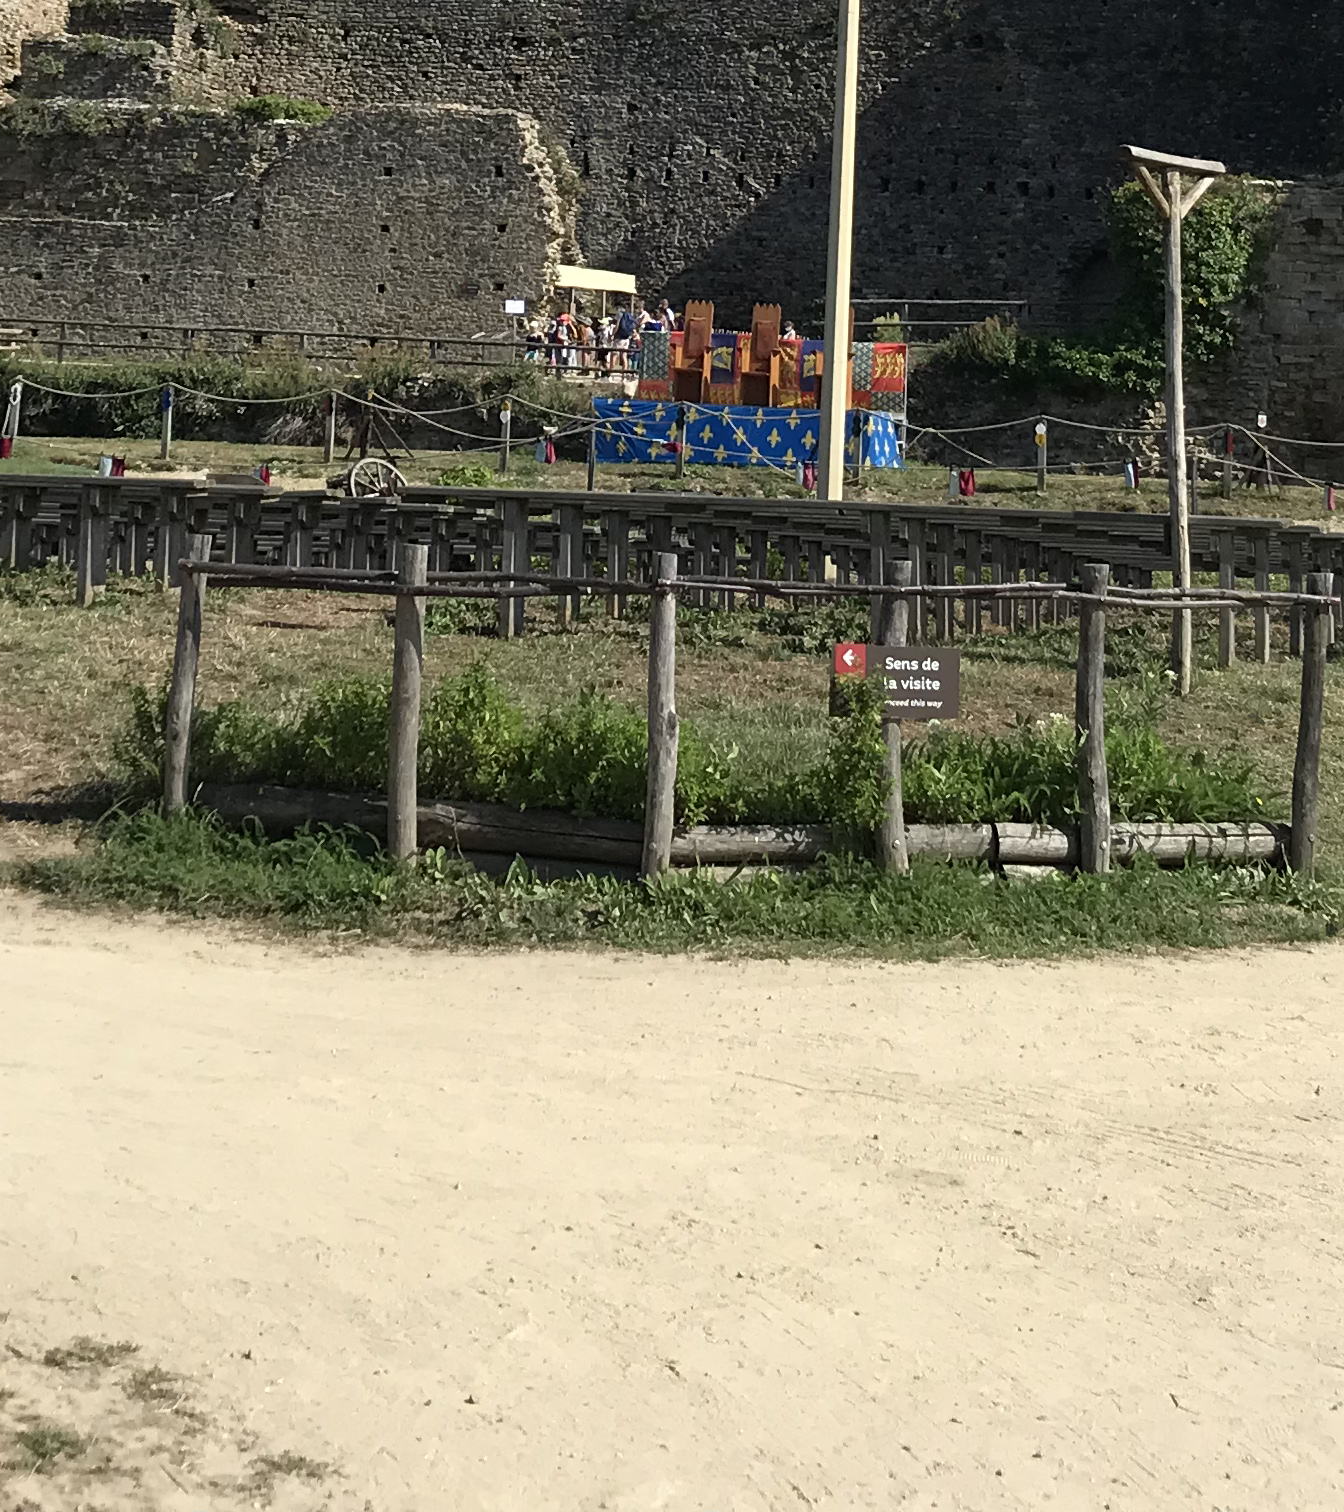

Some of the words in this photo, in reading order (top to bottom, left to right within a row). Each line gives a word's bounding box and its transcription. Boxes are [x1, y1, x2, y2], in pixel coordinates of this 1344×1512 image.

[885, 657, 918, 670] Sens
[922, 657, 940, 671] de
[883, 676, 897, 690] la
[901, 676, 940, 690] visite
[910, 699, 925, 707] this
[927, 700, 943, 708] way
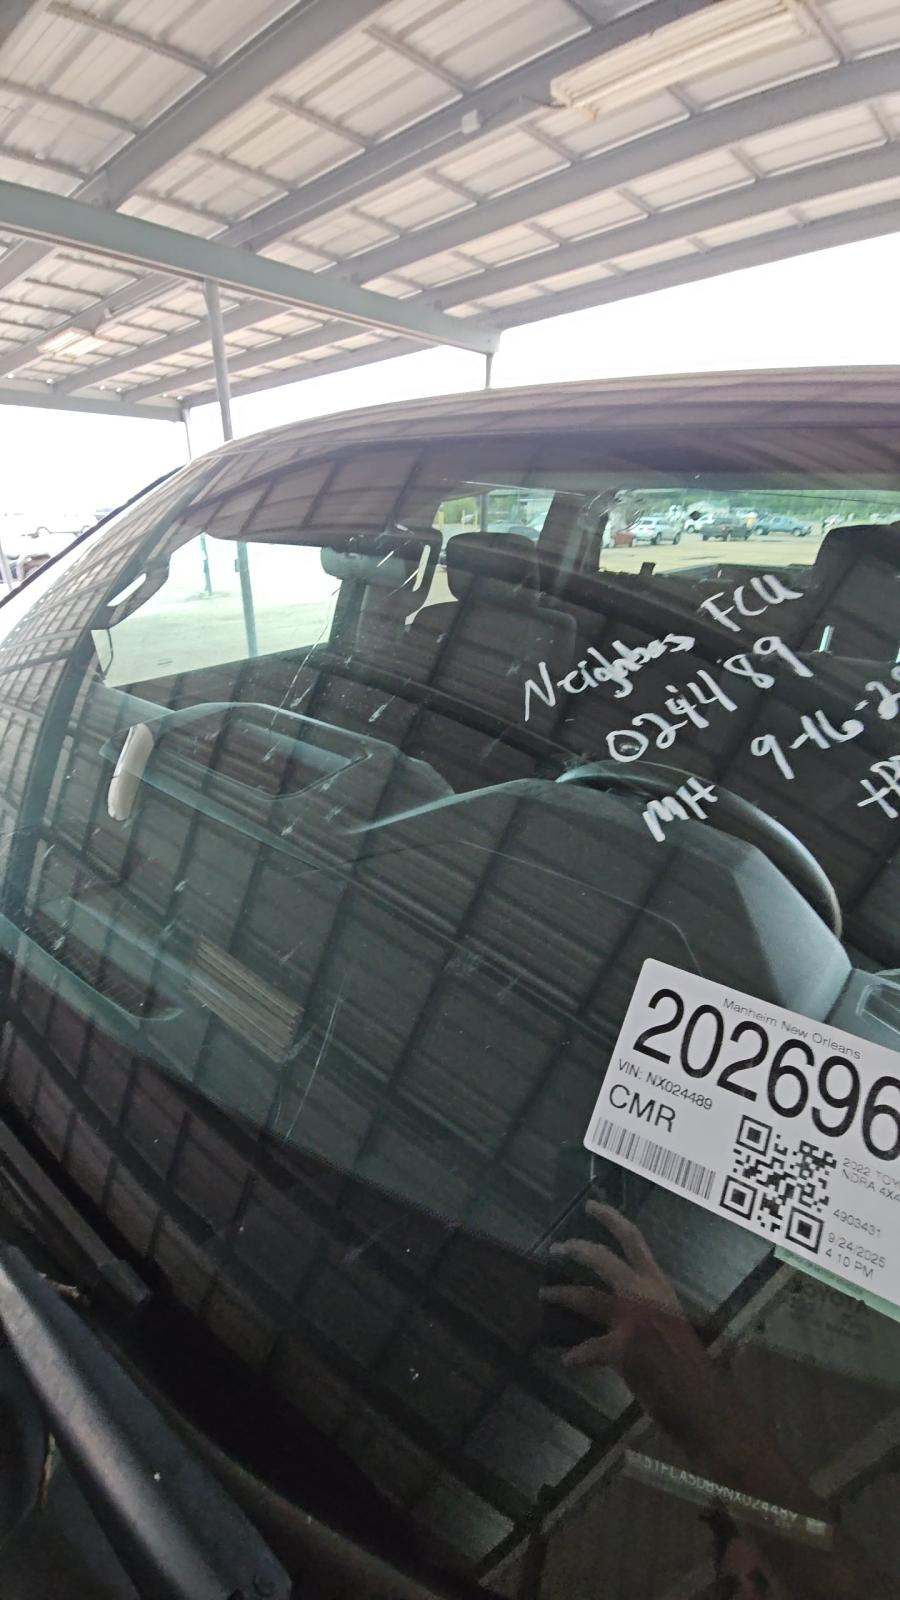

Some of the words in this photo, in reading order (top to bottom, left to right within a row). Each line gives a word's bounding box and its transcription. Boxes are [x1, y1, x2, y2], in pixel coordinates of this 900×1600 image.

[699, 574, 804, 632] FCU
[751, 666, 900, 780] 9-16-2
[642, 777, 718, 842] MH
[722, 998, 777, 1028] Manheim
[780, 1020, 809, 1039] New
[811, 1032, 862, 1060] Orleans
[617, 1058, 643, 1080] VIN:
[646, 1071, 713, 1110] NX024489
[632, 988, 900, 1161] 202696
[609, 1084, 676, 1133] CMR
[843, 1158, 871, 1178] 2022
[833, 1208, 881, 1236] 4903431
[854, 1260, 875, 1280] PM
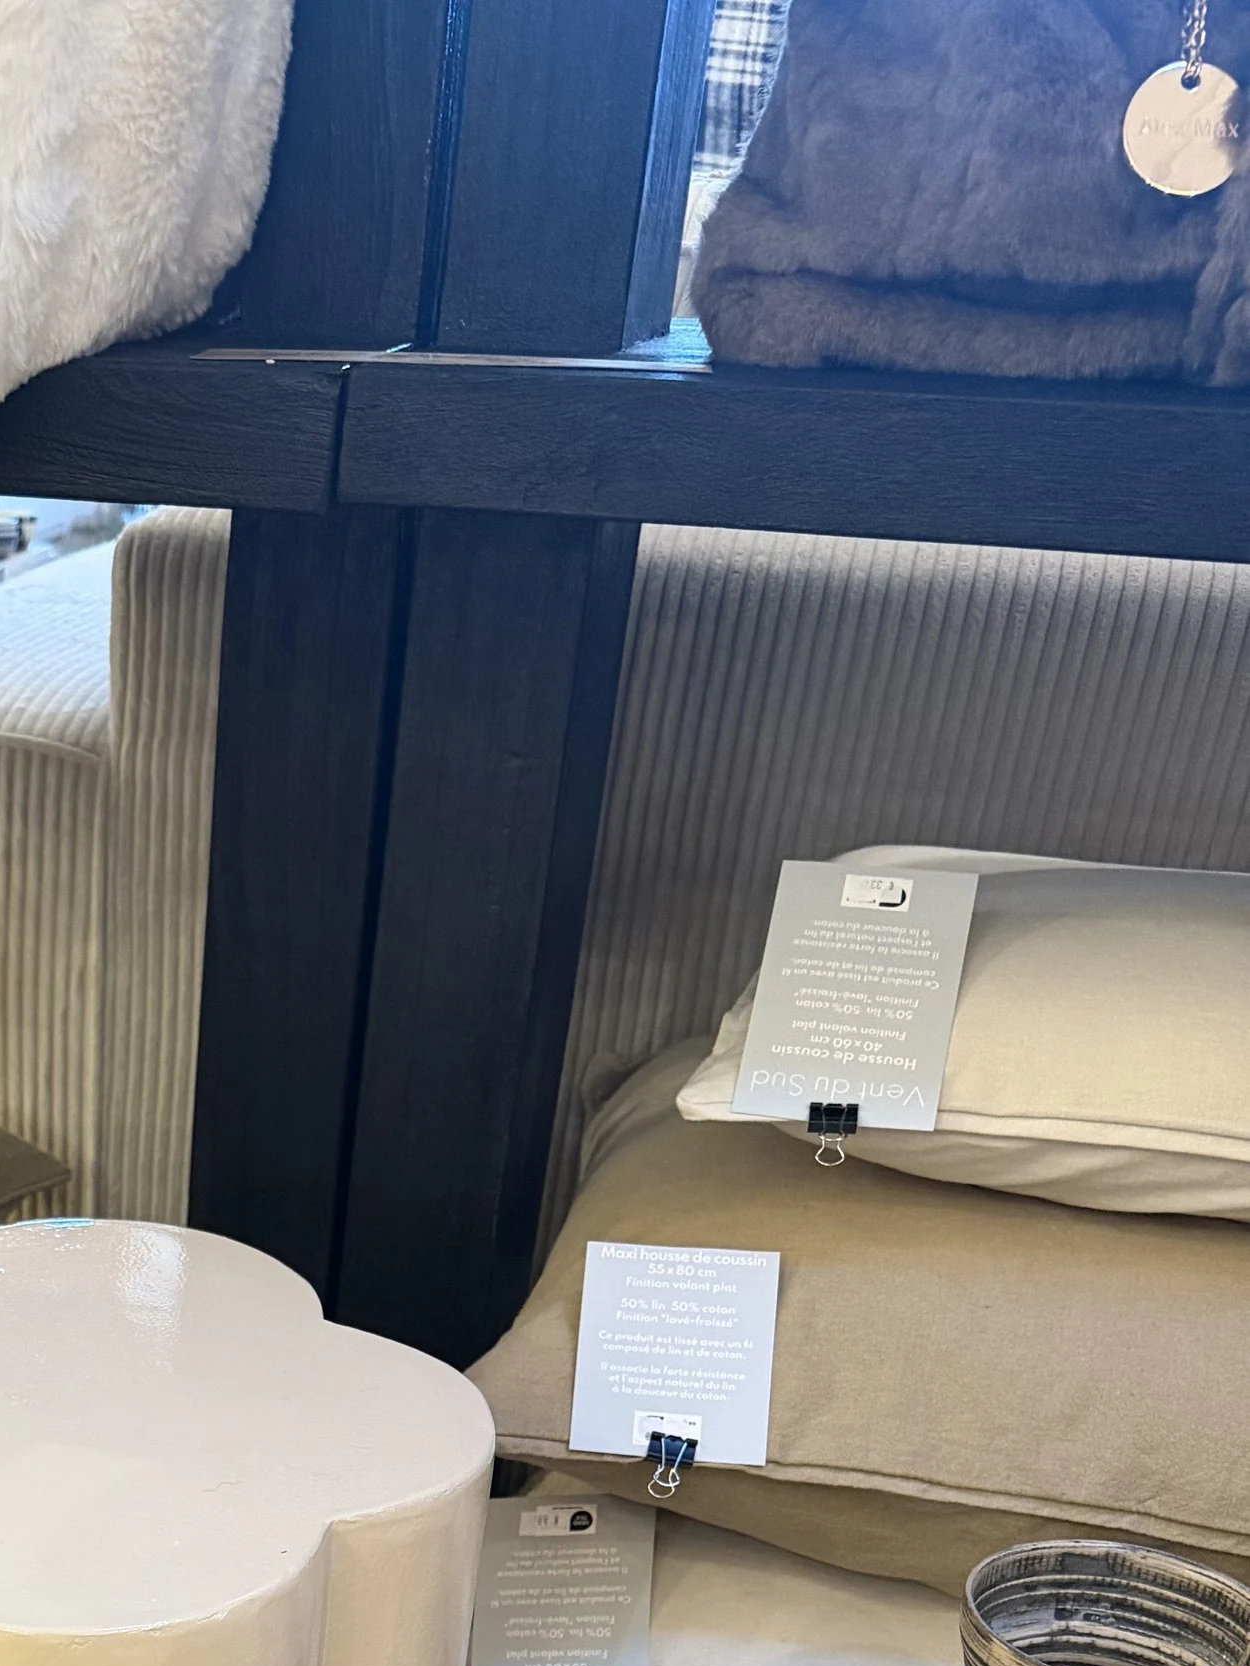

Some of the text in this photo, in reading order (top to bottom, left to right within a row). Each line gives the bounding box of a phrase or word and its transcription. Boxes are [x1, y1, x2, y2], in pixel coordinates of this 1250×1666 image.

[1193, 116, 1238, 139] Max
[909, 928, 920, 937] la
[920, 939, 931, 947] et
[877, 947, 888, 956] la
[826, 961, 840, 969] de
[841, 961, 852, 970] et
[854, 964, 868, 973] lin
[870, 965, 884, 974] de
[887, 965, 936, 978] composé
[864, 975, 880, 983] est
[882, 975, 922, 987] produit
[924, 980, 940, 990] Ce
[875, 995, 919, 1007] Finition
[795, 999, 913, 1020] 50% lin 50% coton
[819, 1022, 857, 1034] volant
[810, 1034, 830, 1044] cm
[860, 1027, 906, 1041] Finition
[833, 1038, 851, 1049] 60
[863, 1041, 882, 1051] 40
[771, 1044, 917, 1070] Housse de coussin
[750, 1070, 925, 1108] Vent du Sud
[600, 1246, 767, 1267] Maxi housse de coussin
[648, 1264, 665, 1274] 55
[677, 1266, 695, 1276] 80
[697, 1268, 717, 1277] cm
[626, 1276, 738, 1294] Finition volant plat
[620, 1298, 736, 1314] 50% lin 50% coton
[616, 1311, 658, 1322] Finition
[598, 1330, 613, 1340] Ce
[614, 1332, 654, 1344] produit
[656, 1336, 672, 1344] est
[674, 1336, 698, 1346] tissé
[700, 1339, 725, 1348] avec
[727, 1341, 742, 1349] un
[603, 1343, 650, 1356] composé
[652, 1346, 666, 1355] de
[668, 1346, 682, 1355] lin
[684, 1348, 695, 1356] et
[696, 1348, 710, 1357] de
[609, 1363, 649, 1373] associe
[651, 1365, 662, 1374] la
[663, 1365, 689, 1376] forte
[691, 1368, 747, 1380] résistance
[608, 1374, 735, 1391] et l'aspect naturel du lin
[612, 1384, 619, 1393] à
[621, 1384, 633, 1393] la
[634, 1386, 678, 1397] douceur
[680, 1390, 694, 1399] du
[576, 1615, 615, 1624] Finition
[539, 1628, 564, 1638] 50%
[569, 1628, 583, 1638] lin
[586, 1627, 611, 1637] 50%
[567, 1649, 608, 1658] Finition

WORK TO BE COMPLETED: Give the listing again in full, exactly as it is, but without its images.

EXERCISE OUTPUT:
Some of the words in this photo, in reading order (top to bottom, left to right within a row). Each line gives a word's bounding box and its transcription. Boxes are [x1, y1, x2, y2], in pixel coordinates of this 1344×1512 image.

[885, 657, 918, 670] Sens
[922, 657, 940, 671] de
[883, 676, 897, 690] la
[901, 676, 940, 690] visite
[910, 699, 925, 707] this
[927, 700, 943, 708] way

Some of the words in this photo, in reading order (top to bottom, left to right within a row). Each line gives a word's bounding box and its transcription. Boxes are [x1, y1, x2, y2], in pixel coordinates of this 900×1600 image.

[699, 574, 804, 632] FCU
[751, 666, 900, 780] 9-16-2
[642, 777, 718, 842] MH
[722, 998, 777, 1028] Manheim
[780, 1020, 809, 1039] New
[811, 1032, 862, 1060] Orleans
[617, 1058, 643, 1080] VIN:
[646, 1071, 713, 1110] NX024489
[632, 988, 900, 1161] 202696
[609, 1084, 676, 1133] CMR
[843, 1158, 871, 1178] 2022
[833, 1208, 881, 1236] 4903431
[854, 1260, 875, 1280] PM

Some of the text in this photo, in reading order (top to bottom, left to right within a row). Each line gives the bounding box of a phrase or word and its transcription. Boxes are [x1, y1, x2, y2], in pixel coordinates of this 1250×1666 image.

[1193, 116, 1238, 139] Max
[909, 928, 920, 937] la
[920, 939, 931, 947] et
[877, 947, 888, 956] la
[826, 961, 840, 969] de
[841, 961, 852, 970] et
[854, 964, 868, 973] lin
[870, 965, 884, 974] de
[887, 965, 936, 978] composé
[864, 975, 880, 983] est
[882, 975, 922, 987] produit
[924, 980, 940, 990] Ce
[875, 995, 919, 1007] Finition
[795, 999, 913, 1020] 50% lin 50% coton
[819, 1022, 857, 1034] volant
[810, 1034, 830, 1044] cm
[860, 1027, 906, 1041] Finition
[833, 1038, 851, 1049] 60
[863, 1041, 882, 1051] 40
[771, 1044, 917, 1070] Housse de coussin
[750, 1070, 925, 1108] Vent du Sud
[600, 1246, 767, 1267] Maxi housse de coussin
[648, 1264, 665, 1274] 55
[677, 1266, 695, 1276] 80
[697, 1268, 717, 1277] cm
[626, 1276, 738, 1294] Finition volant plat
[620, 1298, 736, 1314] 50% lin 50% coton
[616, 1311, 658, 1322] Finition
[598, 1330, 613, 1340] Ce
[614, 1332, 654, 1344] produit
[656, 1336, 672, 1344] est
[674, 1336, 698, 1346] tissé
[700, 1339, 725, 1348] avec
[727, 1341, 742, 1349] un
[603, 1343, 650, 1356] composé
[652, 1346, 666, 1355] de
[668, 1346, 682, 1355] lin
[684, 1348, 695, 1356] et
[696, 1348, 710, 1357] de
[609, 1363, 649, 1373] associe
[651, 1365, 662, 1374] la
[663, 1365, 689, 1376] forte
[691, 1368, 747, 1380] résistance
[608, 1374, 735, 1391] et l'aspect naturel du lin
[612, 1384, 619, 1393] à
[621, 1384, 633, 1393] la
[634, 1386, 678, 1397] douceur
[680, 1390, 694, 1399] du
[576, 1615, 615, 1624] Finition
[539, 1628, 564, 1638] 50%
[569, 1628, 583, 1638] lin
[586, 1627, 611, 1637] 50%
[567, 1649, 608, 1658] Finition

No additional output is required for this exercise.